Transcribe the entire listing faithfully; every line must match the original.

^^^^^^^^^^^^^^^^

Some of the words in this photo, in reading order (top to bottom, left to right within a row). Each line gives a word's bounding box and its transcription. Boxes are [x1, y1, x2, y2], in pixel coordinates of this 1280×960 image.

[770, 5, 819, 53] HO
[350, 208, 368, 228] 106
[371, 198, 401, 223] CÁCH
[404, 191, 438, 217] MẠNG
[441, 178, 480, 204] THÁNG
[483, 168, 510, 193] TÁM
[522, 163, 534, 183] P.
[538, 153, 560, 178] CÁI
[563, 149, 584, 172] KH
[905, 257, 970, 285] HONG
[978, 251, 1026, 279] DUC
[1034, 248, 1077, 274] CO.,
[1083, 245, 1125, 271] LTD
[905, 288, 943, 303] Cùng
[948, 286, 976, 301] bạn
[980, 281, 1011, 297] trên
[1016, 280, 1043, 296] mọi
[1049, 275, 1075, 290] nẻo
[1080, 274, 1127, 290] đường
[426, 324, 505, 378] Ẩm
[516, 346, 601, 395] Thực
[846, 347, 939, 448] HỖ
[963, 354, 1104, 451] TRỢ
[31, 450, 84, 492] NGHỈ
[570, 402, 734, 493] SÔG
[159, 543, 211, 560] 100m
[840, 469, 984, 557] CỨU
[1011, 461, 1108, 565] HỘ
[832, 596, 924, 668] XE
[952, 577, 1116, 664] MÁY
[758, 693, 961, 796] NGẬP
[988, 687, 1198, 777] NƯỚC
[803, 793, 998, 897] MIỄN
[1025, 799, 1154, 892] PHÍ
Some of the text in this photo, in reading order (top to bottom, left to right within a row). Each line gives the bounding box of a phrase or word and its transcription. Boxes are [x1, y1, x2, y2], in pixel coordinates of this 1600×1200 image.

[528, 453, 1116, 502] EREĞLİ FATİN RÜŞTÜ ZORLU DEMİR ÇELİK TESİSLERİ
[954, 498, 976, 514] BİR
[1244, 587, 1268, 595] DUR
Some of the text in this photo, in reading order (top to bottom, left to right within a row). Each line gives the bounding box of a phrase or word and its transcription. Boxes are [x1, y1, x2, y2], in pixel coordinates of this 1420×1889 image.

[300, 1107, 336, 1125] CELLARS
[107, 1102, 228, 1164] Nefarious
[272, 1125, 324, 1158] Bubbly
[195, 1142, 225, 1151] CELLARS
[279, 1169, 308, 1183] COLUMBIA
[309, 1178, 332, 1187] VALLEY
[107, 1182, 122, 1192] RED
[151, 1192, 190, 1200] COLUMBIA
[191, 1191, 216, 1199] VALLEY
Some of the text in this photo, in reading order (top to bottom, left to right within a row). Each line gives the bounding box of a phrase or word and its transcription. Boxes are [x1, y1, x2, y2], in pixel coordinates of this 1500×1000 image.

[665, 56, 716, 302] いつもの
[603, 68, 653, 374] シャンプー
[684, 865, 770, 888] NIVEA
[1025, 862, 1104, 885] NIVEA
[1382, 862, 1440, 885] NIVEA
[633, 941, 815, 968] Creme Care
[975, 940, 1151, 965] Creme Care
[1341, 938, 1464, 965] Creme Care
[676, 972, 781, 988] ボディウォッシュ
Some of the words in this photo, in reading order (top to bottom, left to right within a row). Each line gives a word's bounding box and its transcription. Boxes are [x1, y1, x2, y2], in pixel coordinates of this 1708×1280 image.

^^^^^^^^^^^^^^^^

» **Task answer**:
Some of the words in this photo, in reading order (top to bottom, left to right within a row). Each line gives a word's bounding box and its transcription. Boxes are [x1, y1, x2, y2], in pixel coordinates of this 1280×960 image.

[770, 5, 819, 53] HO
[350, 208, 368, 228] 106
[371, 198, 401, 223] CÁCH
[404, 191, 438, 217] MẠNG
[441, 178, 480, 204] THÁNG
[483, 168, 510, 193] TÁM
[522, 163, 534, 183] P.
[538, 153, 560, 178] CÁI
[563, 149, 584, 172] KH
[905, 257, 970, 285] HONG
[978, 251, 1026, 279] DUC
[1034, 248, 1077, 274] CO.,
[1083, 245, 1125, 271] LTD
[905, 288, 943, 303] Cùng
[948, 286, 976, 301] bạn
[980, 281, 1011, 297] trên
[1016, 280, 1043, 296] mọi
[1049, 275, 1075, 290] nẻo
[1080, 274, 1127, 290] đường
[426, 324, 505, 378] Ẩm
[516, 346, 601, 395] Thực
[846, 347, 939, 448] HỖ
[963, 354, 1104, 451] TRỢ
[31, 450, 84, 492] NGHỈ
[570, 402, 734, 493] SÔG
[159, 543, 211, 560] 100m
[840, 469, 984, 557] CỨU
[1011, 461, 1108, 565] HỘ
[832, 596, 924, 668] XE
[952, 577, 1116, 664] MÁY
[758, 693, 961, 796] NGẬP
[988, 687, 1198, 777] NƯỚC
[803, 793, 998, 897] MIỄN
[1025, 799, 1154, 892] PHÍ
Some of the text in this photo, in reading order (top to bottom, left to right within a row). Each line gives the bounding box of a phrase or word and its transcription. Boxes are [x1, y1, x2, y2], in pixel coordinates of this 1600×1200 image.

[528, 453, 1116, 502] EREĞLİ FATİN RÜŞTÜ ZORLU DEMİR ÇELİK TESİSLERİ
[954, 498, 976, 514] BİR
[1244, 587, 1268, 595] DUR
Some of the text in this photo, in reading order (top to bottom, left to right within a row). Each line gives the bounding box of a phrase or word and its transcription. Boxes are [x1, y1, x2, y2], in pixel coordinates of this 1420×1889 image.

[300, 1107, 336, 1125] CELLARS
[107, 1102, 228, 1164] Nefarious
[272, 1125, 324, 1158] Bubbly
[195, 1142, 225, 1151] CELLARS
[279, 1169, 308, 1183] COLUMBIA
[309, 1178, 332, 1187] VALLEY
[107, 1182, 122, 1192] RED
[151, 1192, 190, 1200] COLUMBIA
[191, 1191, 216, 1199] VALLEY
Some of the text in this photo, in reading order (top to bottom, left to right within a row). Each line gives the bounding box of a phrase or word and its transcription. Boxes are [x1, y1, x2, y2], in pixel coordinates of this 1500×1000 image.

[665, 56, 716, 302] いつもの
[603, 68, 653, 374] シャンプー
[684, 865, 770, 888] NIVEA
[1025, 862, 1104, 885] NIVEA
[1382, 862, 1440, 885] NIVEA
[633, 941, 815, 968] Creme Care
[975, 940, 1151, 965] Creme Care
[1341, 938, 1464, 965] Creme Care
[676, 972, 781, 988] ボディウォッシュ
Some of the words in this photo, in reading order (top to bottom, left to right within a row). Each line gives a word's bounding box and its transcription. Boxes are [x1, y1, x2, y2], in pixel coordinates of this 1708×1280 image.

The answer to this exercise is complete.